12. An Indifference curve Is a locus of points each showing a


different combination of two goods which yield the same
satisfaction to the consumer?
13. List and explain the approaches of Utility measurement?
Measurement of Utility
Measurement of a utility helps in analyzing the demand behaviour of a customer. It
is measured in two ways
Cardinal Approach
In this approach, one believes that it is measurable. One can express his or her
satisfaction in cardinal numbers i.e., the quantitative numbers such as 1, 2, 3, and
so on. It tells the preference of a customer in cardinal measurement. It is measured
in utils.
Limitation of Cardinal Approach
 In the real world, one cannot always measure utility.
 One cannot add different types of satisfaction from different goods.
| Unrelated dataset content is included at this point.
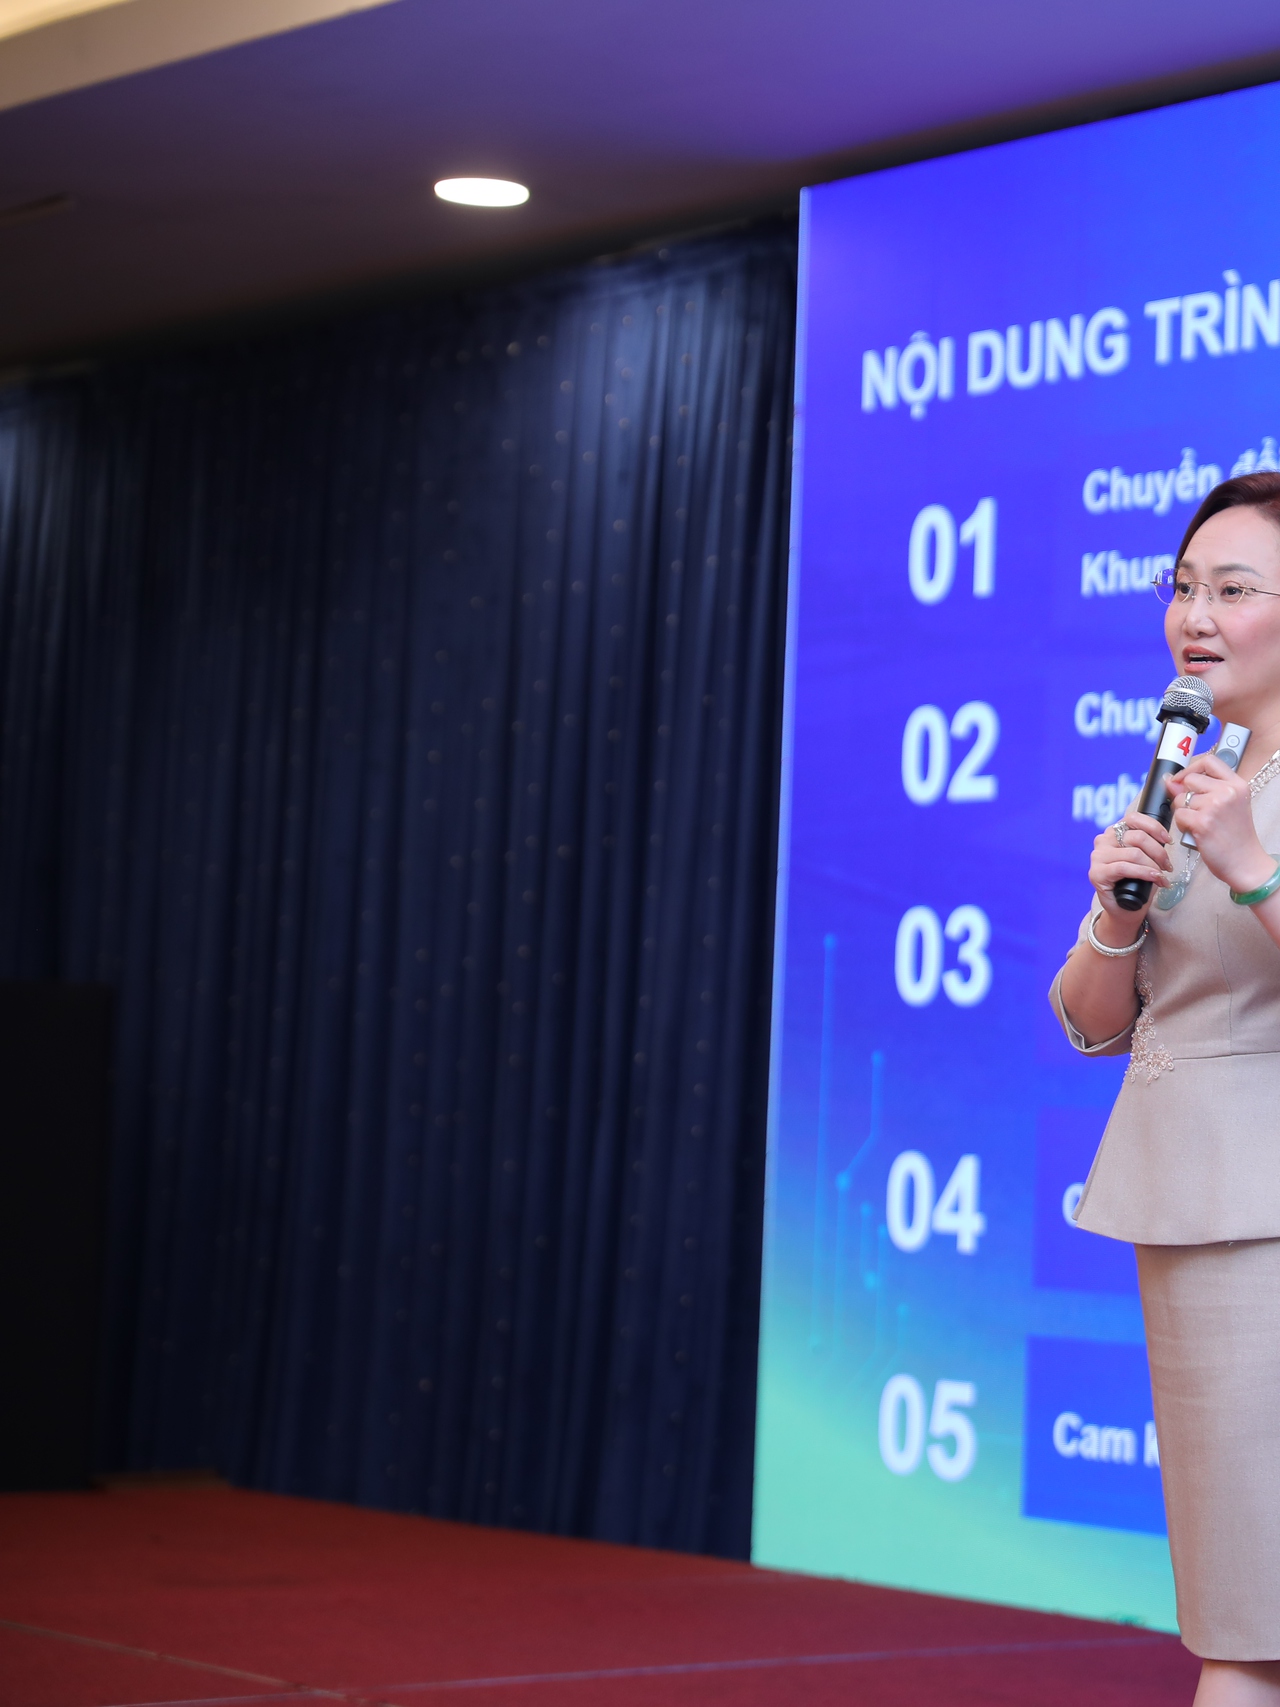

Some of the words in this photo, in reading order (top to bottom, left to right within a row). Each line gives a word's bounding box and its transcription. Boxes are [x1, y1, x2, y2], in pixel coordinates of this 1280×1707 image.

 For measuring it, it is assumed that utility of consumption of one good is
independent of that of another.
 It does not analyze the effect of a change in the price.

Ordinal Approach
In this approach, one believes that it is comparable. One can express his or her
satisfaction in ranking. One can compare commodities and give them certain ranks
like first, second, tenth, etc. It shows the order of preference. An ordinal approach
is a qualitative approach to measuring a utility.
Limitation of Ordinal Approach
 It assumes that there are only two goods or two baskets of goods. It
is not always true.
 Assigning a numerical value to a concept of utility is not easy.
 The consumer’s choice is expected to be either transitive or
consistent. It is always not possible.
14. What are the determinants of price elasticity of demand?
The following are the main factors which determine the price elasticity of
demand for a commodity: 1. The Availability of Substitutes 2. The Proportion of
Consumer’s Income Spent 3. The Number of Uses of a Commodity 4.
Complementarity between Goods 5. Time and Elasticity.